Laplace's Rule of Succession
Earlier this year, the legendary 3b1b posted a video on the binomial distribution. The motivating context for the video is the question:
Suppose an item on Amazon received $k$ good reviews out of a total of $n$ reviews. What is the estimate for its true quality?
The naive answer of $\frac{k}{n}$ lacks nuance (however, it is the maximum likelihood estimate). For instance, even if $k=n$, it feels unlikely that the true quality is 100%, especially if $n$ is small. As 3b1b explains, if we have $n=10$ and a 95% true quality, then $k$ will also be $10$ with ~60% probability.
It turns out that the expected value of the true quality is $\frac{k+1}{n+2}$ (apologies to any frequentists out there; I know that in your view, the true quality is a universal truth and hence can't really have an "expectation"). Or, as 3b1b put it, "imagine there were two extra reviews, one good and one bad". This handy heuristic is called "Laplace's Rule of Succession", which 3b1b did not derive (but probably will in a future video).
I've never seen this before, and so I'm very intrigued why this is the case! It seems arbitrary that we add two extra reviews. Why not one or three, and why is this rule even valid for all $(n,k)$? So, here's a short attempt to derive it.
We know the binomial distribution, which, for $n$ trials and some success probability $p$ (what we have referred to as the "true quality"), gives us the probability of $k$ total successes:
$$P(k\;|\;p,n)={n\choose k}p^k (1-p)^{n-k}$$
We now convert this to a likelihood function, which describes the relative likelihood of observing $p$ given some $k$. Note that the likelihood function $L(p\;|\;k,n)$ is a function in $p$, in contrast to $P(k\;|\;p,n)$, a function in $k$.
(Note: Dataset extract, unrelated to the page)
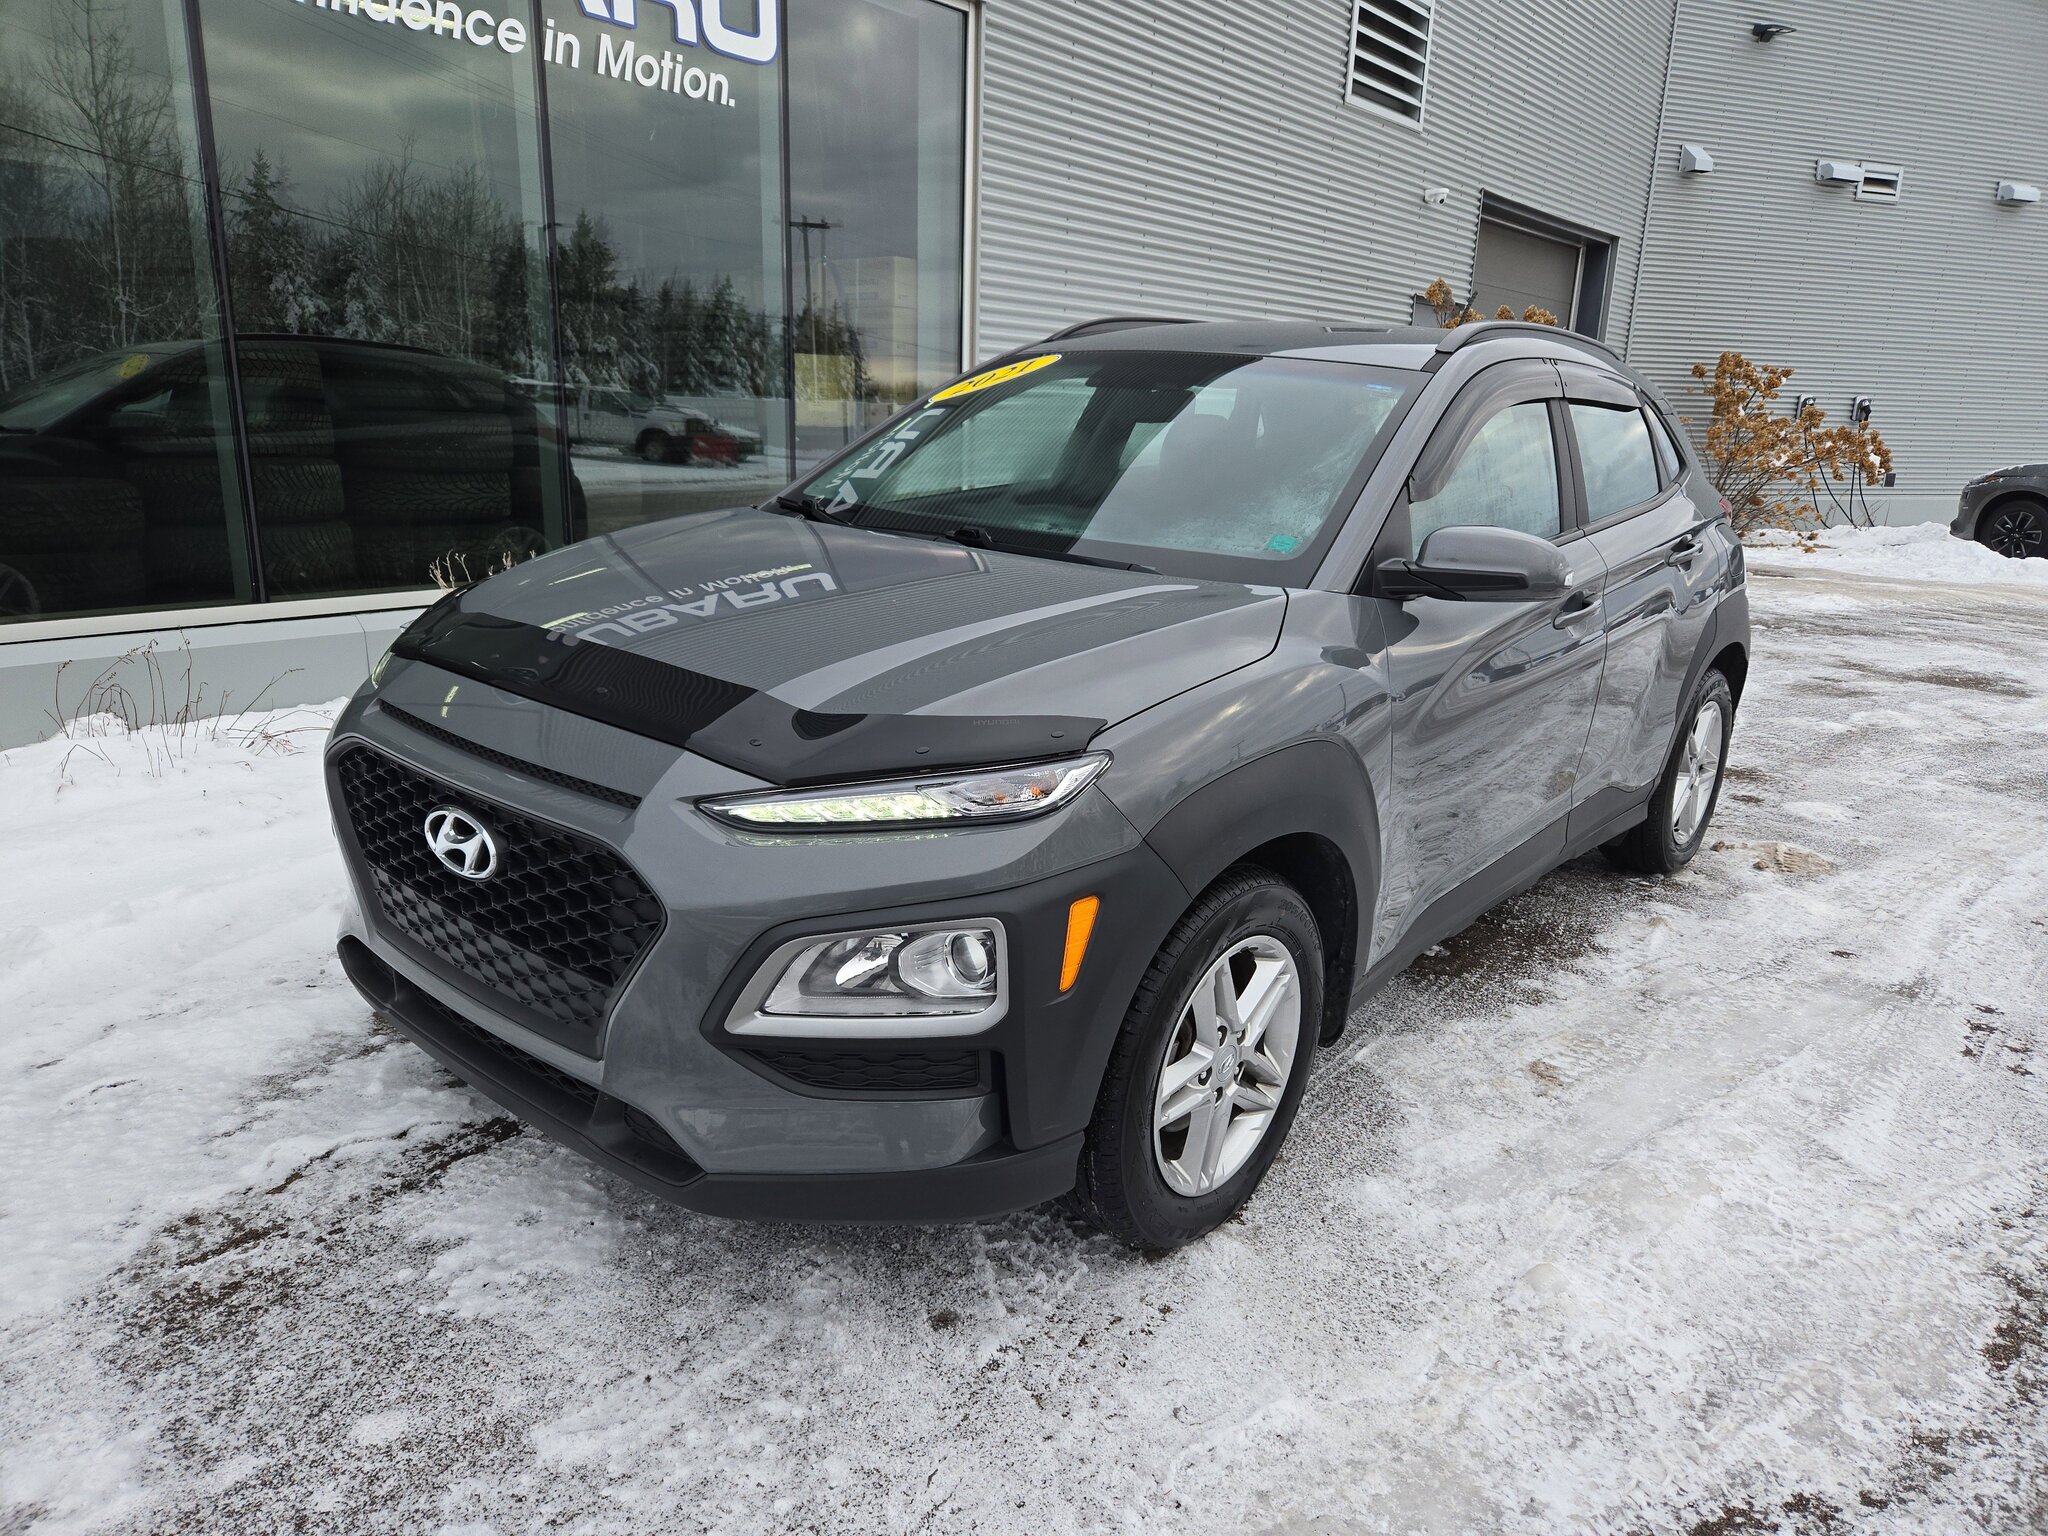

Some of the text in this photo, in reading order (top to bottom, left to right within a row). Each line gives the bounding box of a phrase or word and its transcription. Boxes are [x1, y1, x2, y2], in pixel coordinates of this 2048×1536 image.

[543, 18, 580, 69] in
[597, 32, 736, 108] Motion.
[948, 359, 1037, 396] 2021
[973, 718, 1021, 727] HYUNDAI
$$L(p\;|\;k,n)={n\choose k}p^k (1-p)^{n-k}$$
The likelihood is not a probability, as it can only be interpreted in reference to other likelihoods. In fact, because of this relativity, we can drop the constant ${n\choose k}$ factor:
$$L(p\;|\;k,n)=p^k (1-p)^{n-k}$$
Under Bayesian inference, the product of a likelihood function, with the parameter's prior density function, results in the posterior density function (after normalising). This means we can convert the above likelihood function into a probability density function as follows:
$$P_1(p\;|\;k,n)=c\cdot L(p\;|\;k,n)\cdot P_0(p)$$
where $P_1$ and $P_0$ are the posterior and prior densities, and $c$ is a normalising constant.
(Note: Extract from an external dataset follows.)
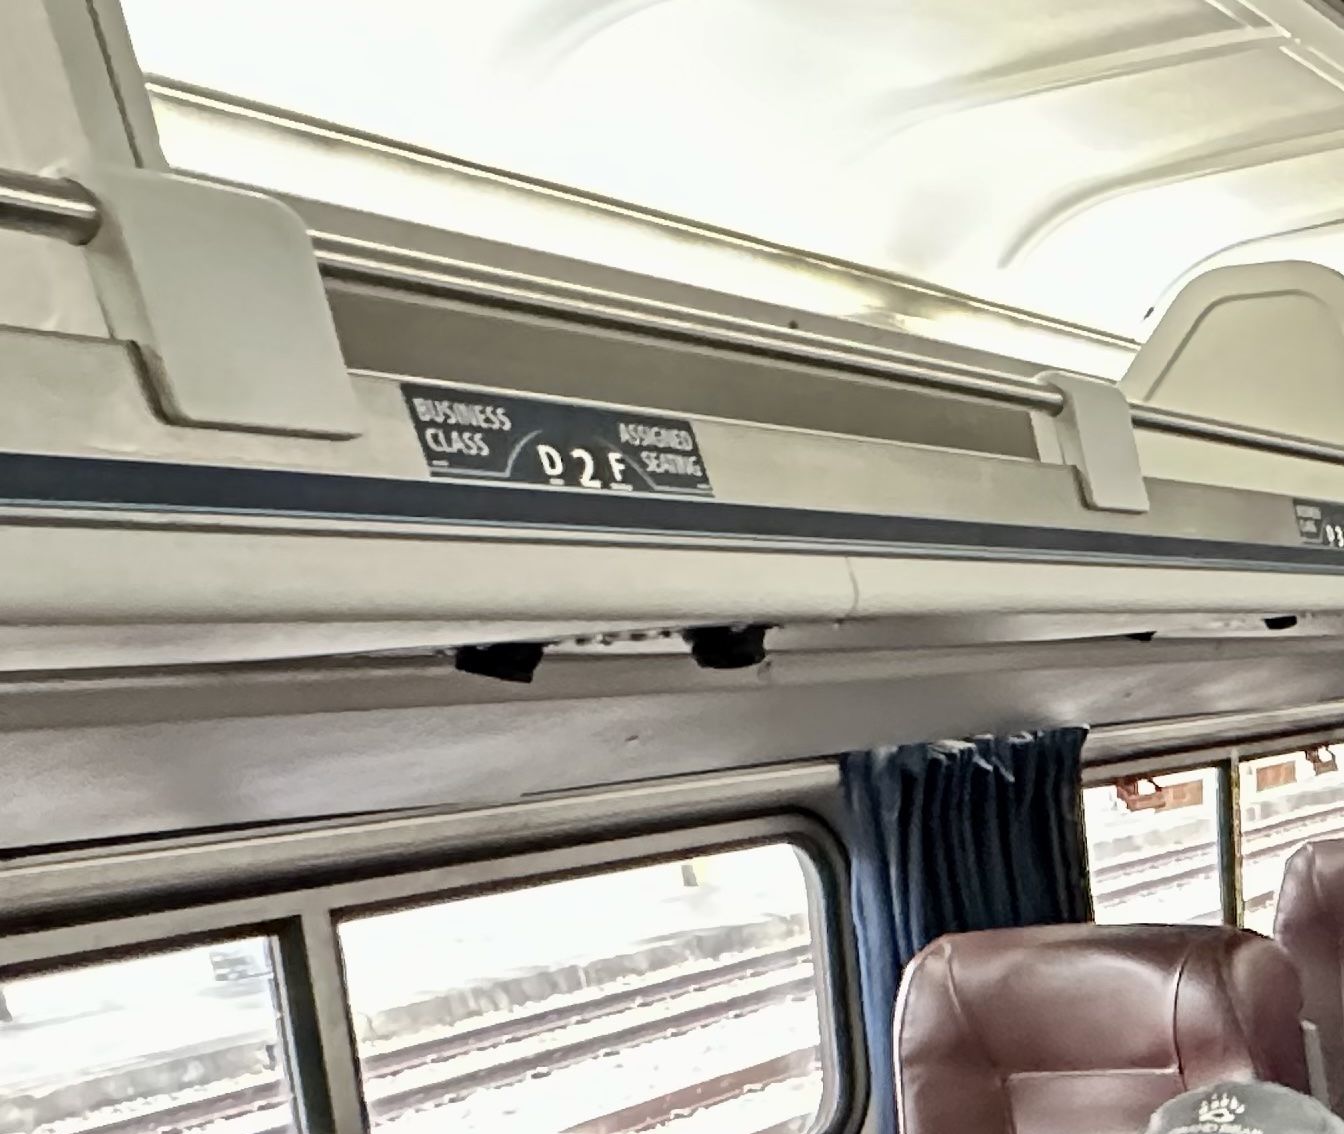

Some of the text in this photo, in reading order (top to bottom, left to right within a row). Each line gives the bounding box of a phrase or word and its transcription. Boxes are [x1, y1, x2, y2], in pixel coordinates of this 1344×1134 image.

[412, 398, 512, 431] BUSINESS
[425, 427, 490, 456] CLASS
[536, 443, 628, 489] D 2 F
As with many Bayesian problems, we assume a uniform prior for $p$, which represents our total lack of knowledge about $p$ before we receive any reviews. Hence $P_0(p)=1$ and so we have
$$P_1(p\;|\;k,n)=c\cdot p^k (1-p)^{n-k}$$
implying that $c^{-1}$ is $\int_0^1 p^k (1-p)^{n-k} dp$.
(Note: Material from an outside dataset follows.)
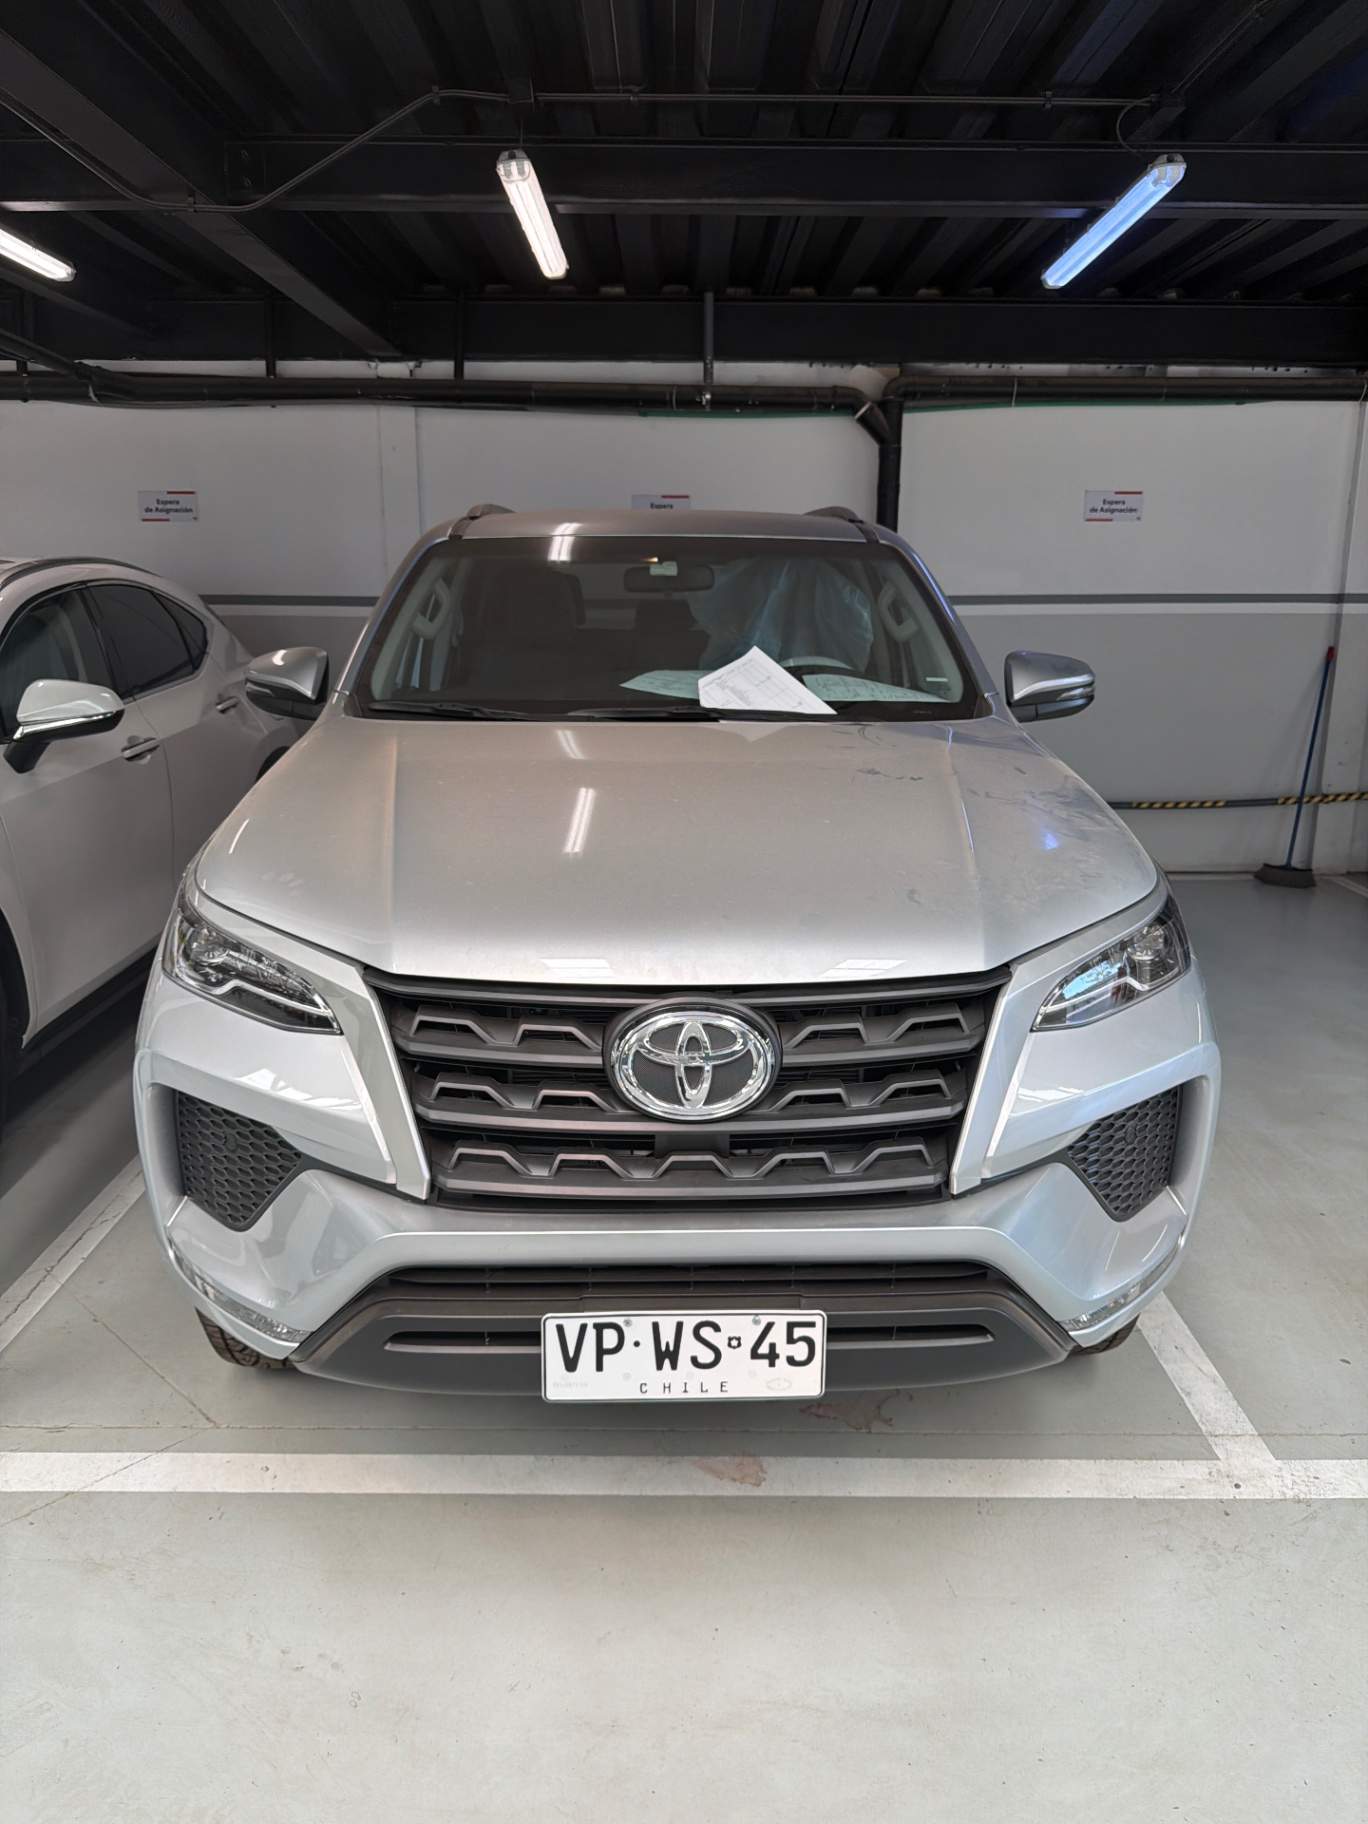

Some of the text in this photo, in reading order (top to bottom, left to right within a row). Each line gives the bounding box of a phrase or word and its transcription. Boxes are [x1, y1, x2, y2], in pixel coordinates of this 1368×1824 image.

[156, 498, 180, 506] Espera
[1102, 498, 1126, 506] Espera
[1100, 506, 1137, 515] Asignación
[639, 1380, 729, 1395] CHILE
And so, we finally arrive at the original problem. Given $n$ and $k$, what is our best estimate, or expected value, for $p$?
$$\begin{align*}\mathbb{E}(p)&=\int_0^1 p\cdot P_1(p\;|\;k,n)dp\\&=\frac{\int_0^1 p^{k+1} (1-p)^{n-k}dp}{\int_0^1 p^k (1-p)^{n-k}dp}\\&=\frac{B(k+2, \;n-k+1)}{B(k+1, \;n-k+1)}\\&=\frac{\Gamma(k+2)\;\Gamma(n-k+1)}{\Gamma(n+3)}\cdot\frac{\Gamma(n+2)}{\Gamma(k+1)\;\Gamma(n-k+1)}\\&=\frac{(k+1)!\;(n-k)!}{(n+2)!}\cdot\frac{(n+1)!}{k!\;(n-k)!}\\&=\frac{k+1}{n+2}\end{align*}$$
where we've used three identities:
- the beta function $B(x,y)=\int_0^1 t^{x-1}(1-t)^{y-1} dt$
- the beta function's link to the gamma function $B(x,y)=\frac{\Gamma(x)\Gamma(y)}{\Gamma(x+y)}$
- the gamma function itself $\Gamma(x)=(x-1)!$ for $x\in\mathbb{N}$
And so $\mathbb{E}(p)=\frac{k+1}{n+2}$, the result we set out to show.